Here you also can enter a link to a new feed, so the App will fetch and parse the feed. After that, it will appear in the left column along with other saved feeds.

Requirements

For completing this tutorial you need:

Java 8 or higher
Git
1 hour of your time
You favorite code editor

For running the example you should ensure that Cassandra service is running locally on port 9042. As an option, you can run Cassandra with ccm(Cassandra Cluster Manager). Follow this instructions for installing ccm. After installing you will be able to run a single node cluster:

ccm create rss_reader -v 3.11.2 -n 1 -s
ccm start

Before completing this step make sure that you have successfully cloned the RSS reader repository and checked out the step_1 branch:

git clone https://github.com/Sammers21/rss-reader
cd rss-reader
git checkout step_1

Now you can try to tun this example and see if it works:

./gradlew vertxRun

Schema

If you are familiar with Apache Cassandra you should know that the way your data is stored in Cassandra is dependent on queries you are running. It means that you need first to figure out what kind of queries you will be running, and then you can produce a storage scheme.

In our case we’d like our application to have 3 endpoints:

POST /user/{user_id}/rss_link - for adding links to a user’s feed
GET /user/{user_id}/rss_channels - for retrieving information about RSS channels a user subscribed on
GET /articles/by_rss_link?link={rss_link} - for retrieving information about articles on a specific RSS channel

For implementing this endpoints the schema should look in this way:

CREATE TABLE rss_by_user (login text , rss_link text, PRIMARY KEY (login, rss_link));
CREATE TABLE articles_by_rss_link(rss_link text, pubDate timestamp, title text, article_link text, description text, PRIMARY KEY ( rss_link , pubDate , article_link));
CREATE TABLE channel_info_by_rss_link(rss_link text, last_fetch_time timestamp,title text, site_link text, description text, PRIMARY KEY(rss_link));

What to do in this step

In this step we will implement only the first endpoint

Project overview

There are two notable classes in the project: AppVerticle and FetchVerticle. The first one is a Verticle responsible for HTTP request handling and storage schema initialization. The second one is a Verticle as well, but responsible for RSS feeds fetching.
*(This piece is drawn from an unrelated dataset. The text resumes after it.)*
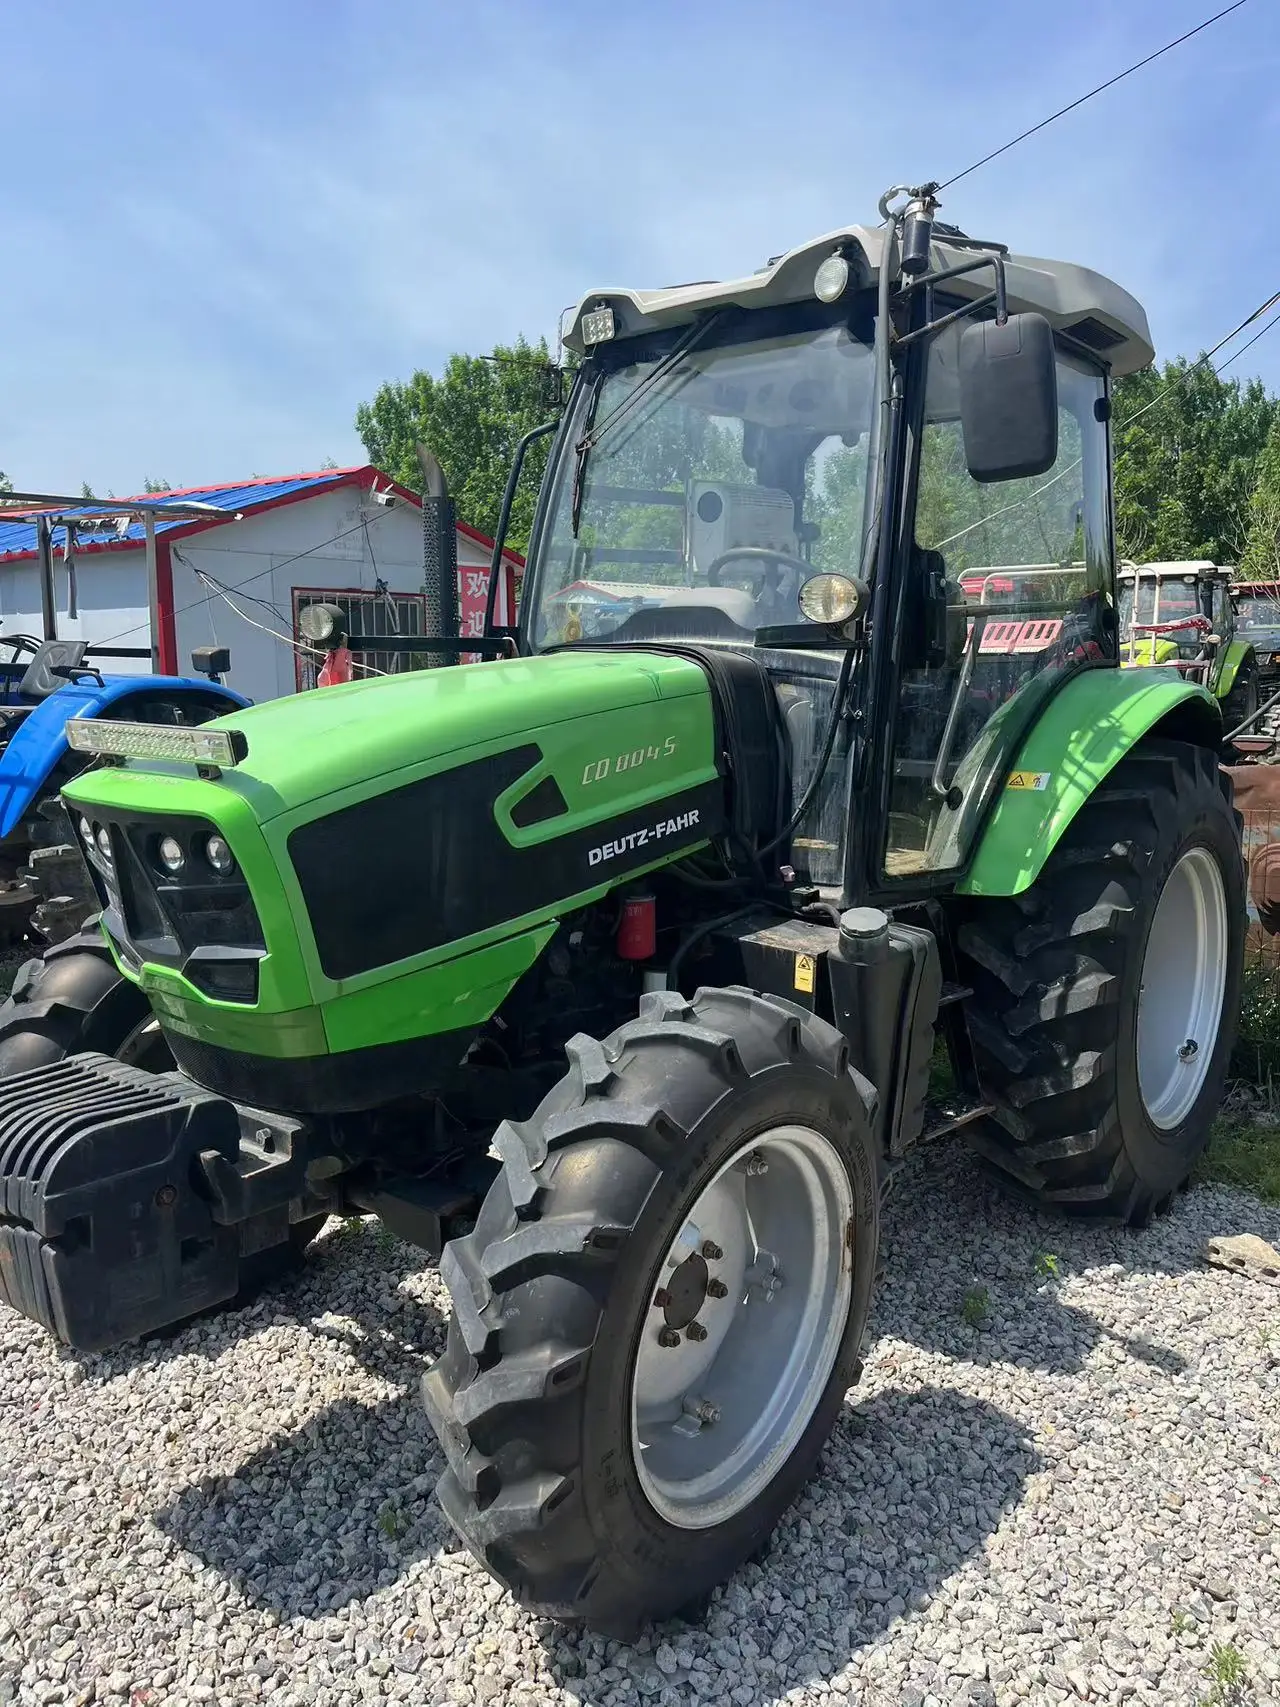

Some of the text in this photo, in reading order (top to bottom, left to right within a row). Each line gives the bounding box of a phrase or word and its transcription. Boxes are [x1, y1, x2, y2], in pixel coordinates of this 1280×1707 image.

The idea is simple. When the application is starting the AppVerticle is deployed, then it tries to initialize storage schema, described in src/main/resources/schema.cql file by reading it and executing listed queries line by line. After the schema initialization the AppVerticle deploys FetchVerticle and starts a HTTP server.

Implementing the endpoint

Now, it is time to implement the first endpoint. Pay attention to TODOs, they are for pointing you out about where changes should be made.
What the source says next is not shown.